• WHAT TO PRODUCE
Below is a set of records, and all of them should be retyped exactly, minus the pictures.

• SOURCE RECORDS
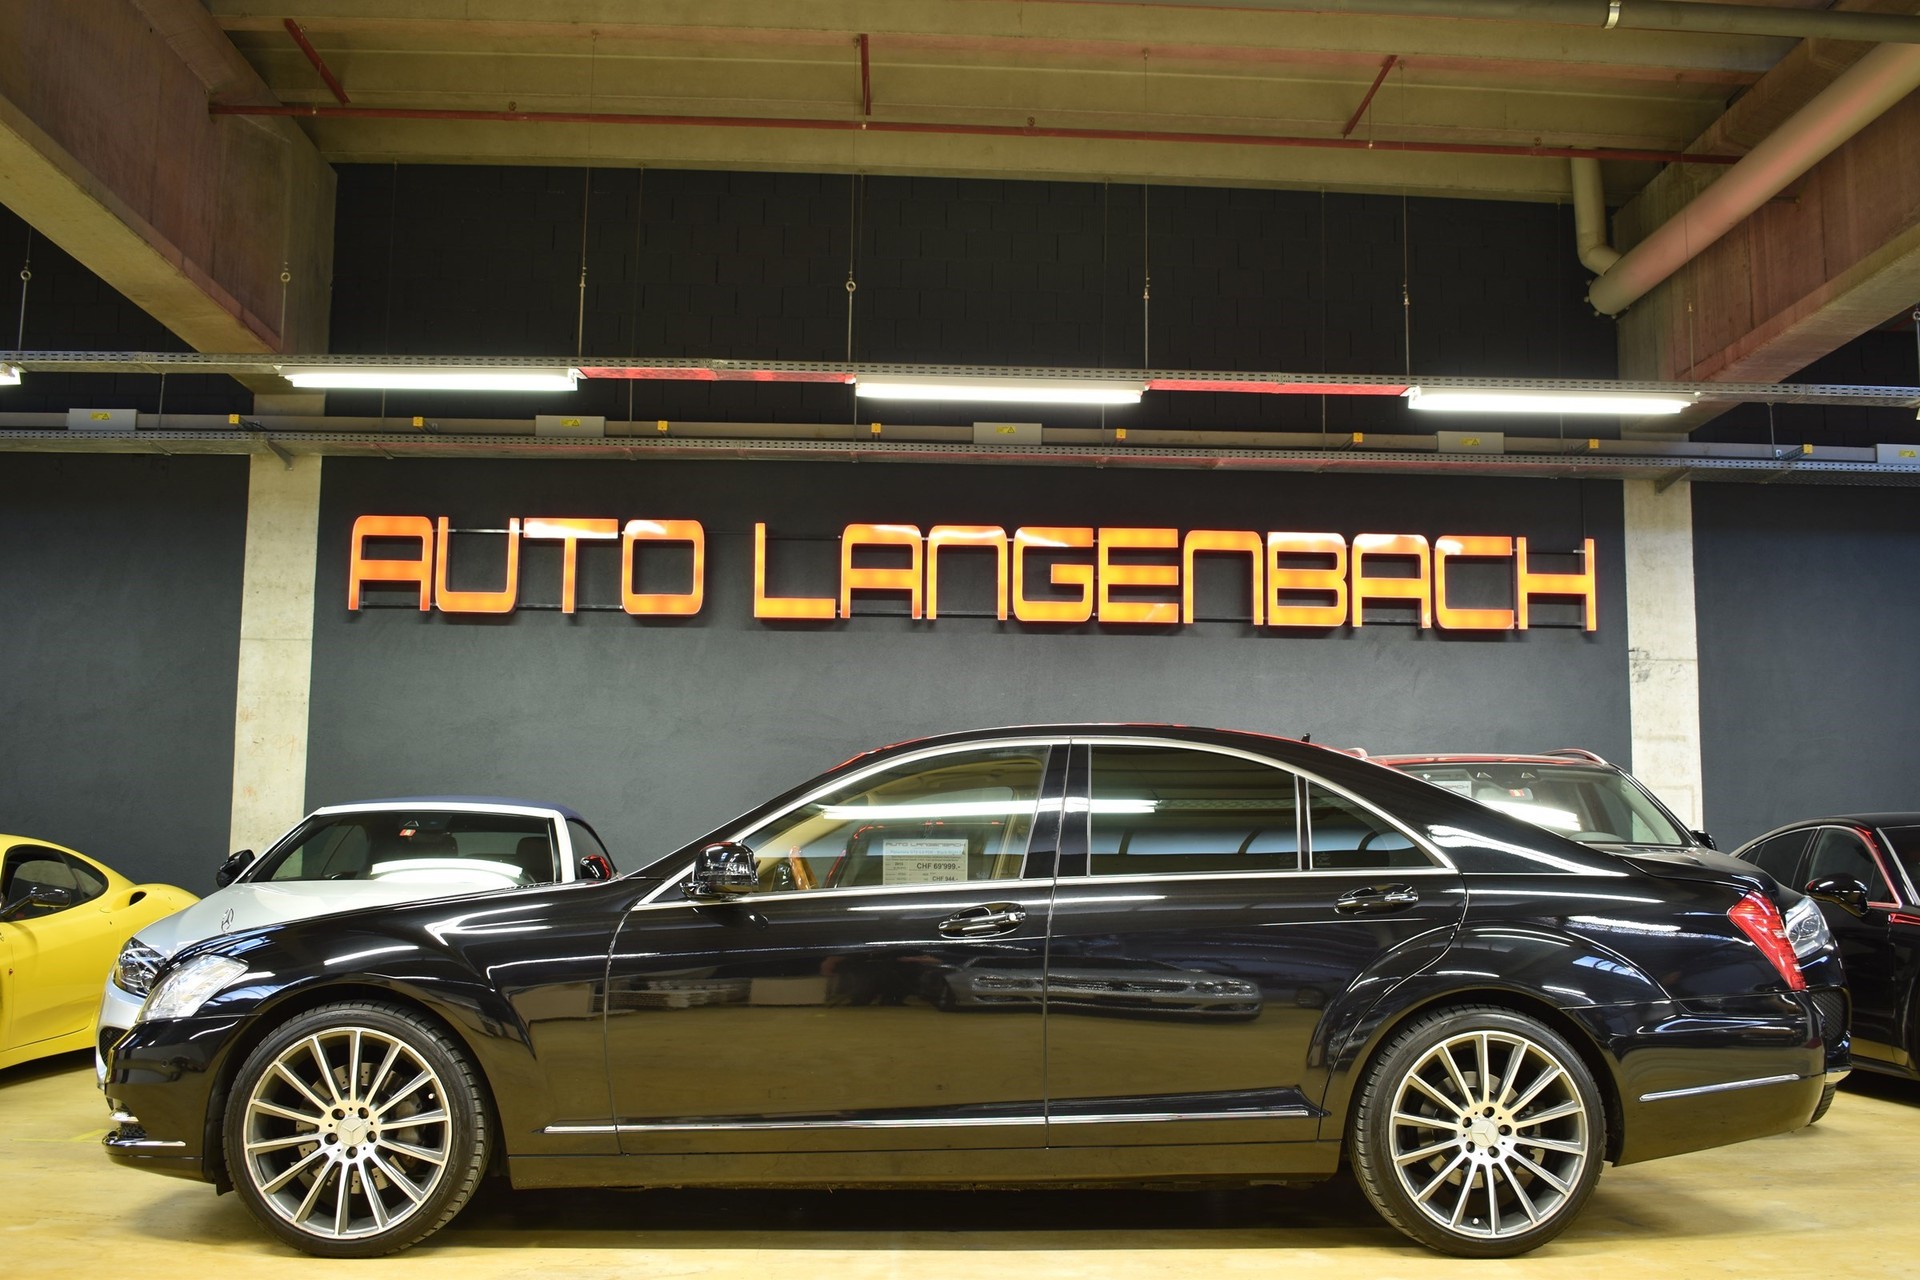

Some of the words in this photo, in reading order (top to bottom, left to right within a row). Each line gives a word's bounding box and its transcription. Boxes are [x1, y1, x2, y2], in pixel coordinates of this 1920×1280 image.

[347, 514, 706, 617] AUTO
[753, 521, 1598, 633] LANGENBACH
[916, 862, 932, 870] CHF
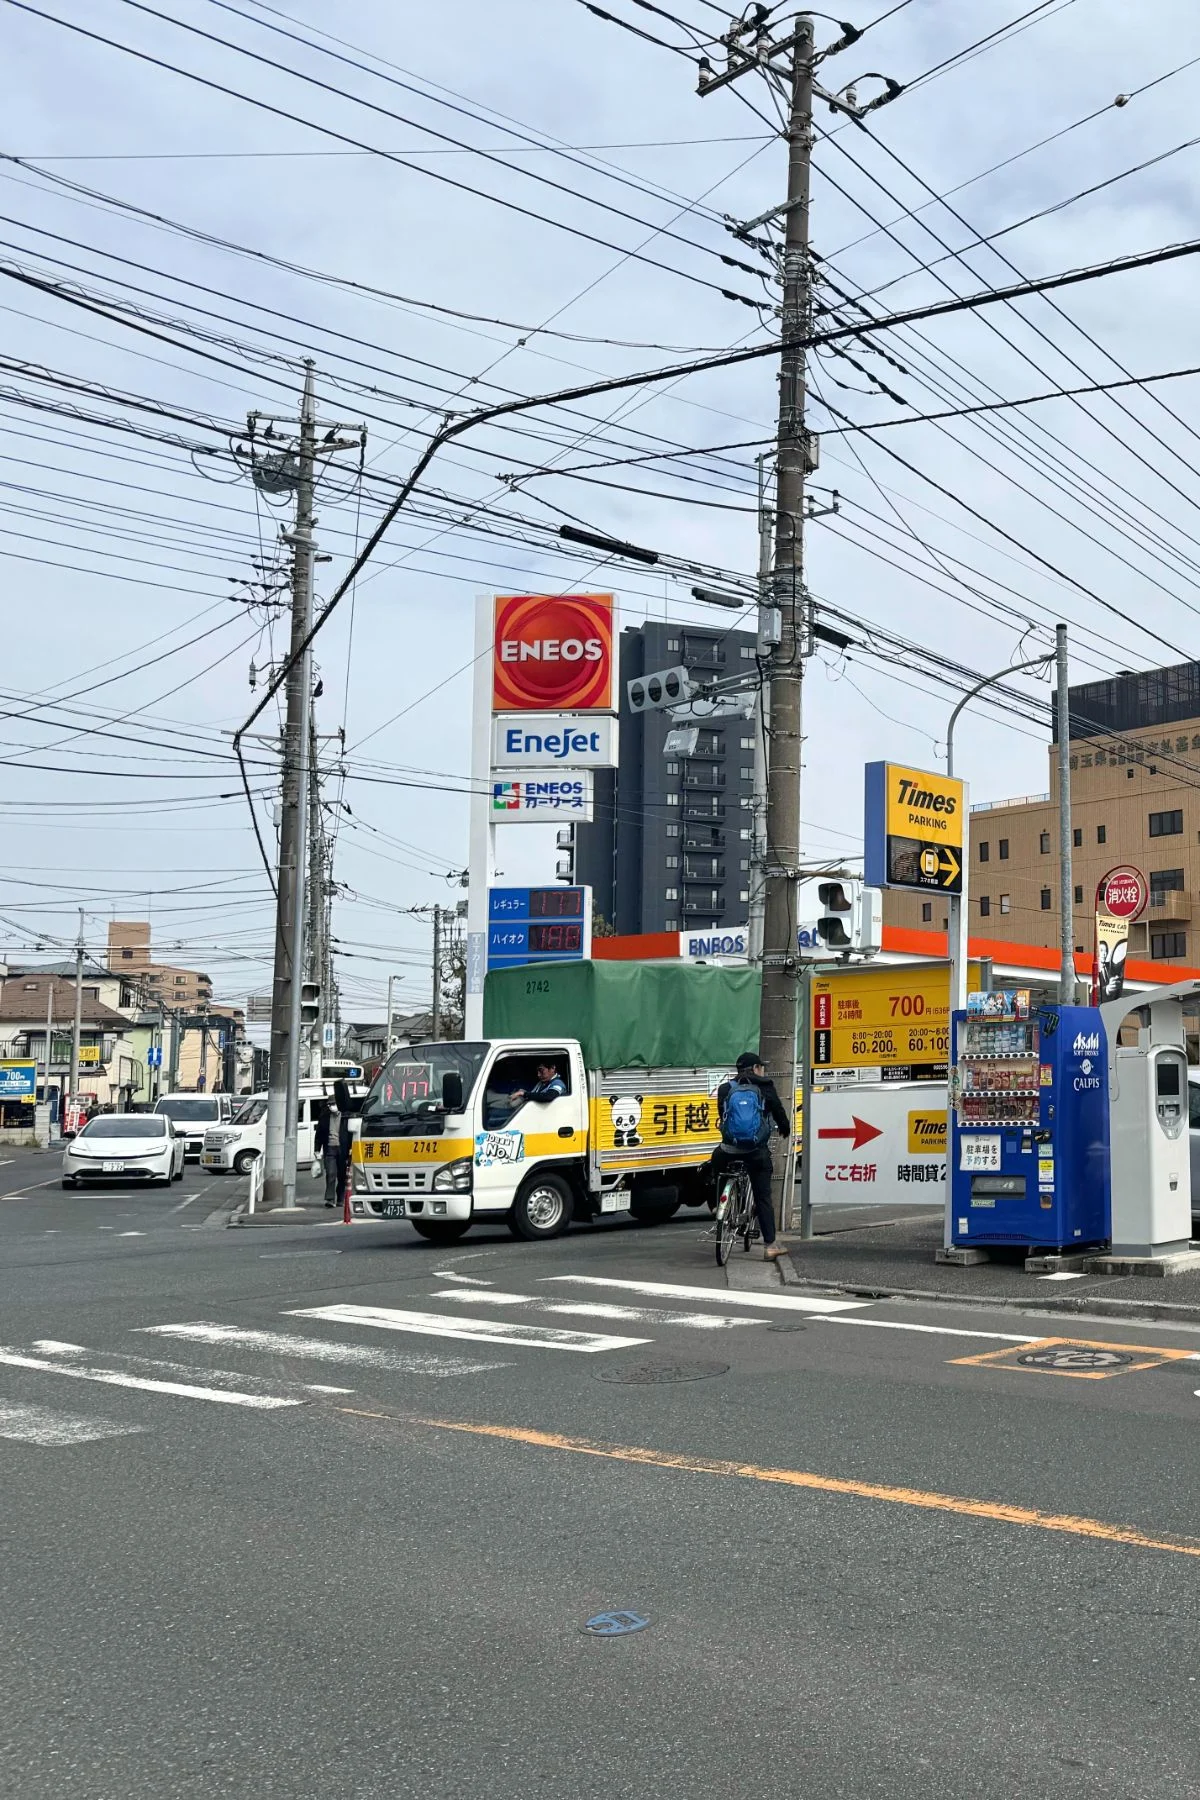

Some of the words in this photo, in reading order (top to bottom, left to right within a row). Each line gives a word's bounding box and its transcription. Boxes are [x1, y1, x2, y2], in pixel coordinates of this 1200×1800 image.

• TASK RESPONSE
Some of the words in this photo, in reading order (top to bottom, left to right within a row). Each line gives a word's bounding box and its transcription. Boxes are [x1, y1, x2, y2], in pixel coordinates of this 1920×1280 image.

[347, 514, 706, 617] AUTO
[753, 521, 1598, 633] LANGENBACH
[916, 862, 932, 870] CHF

Some of the words in this photo, in reading order (top to bottom, left to right within a row). Each line gives a word's bounding box and its transcription. Boxes are [x1, y1, x2, y2], in pixel coordinates of this 1200×1800 image.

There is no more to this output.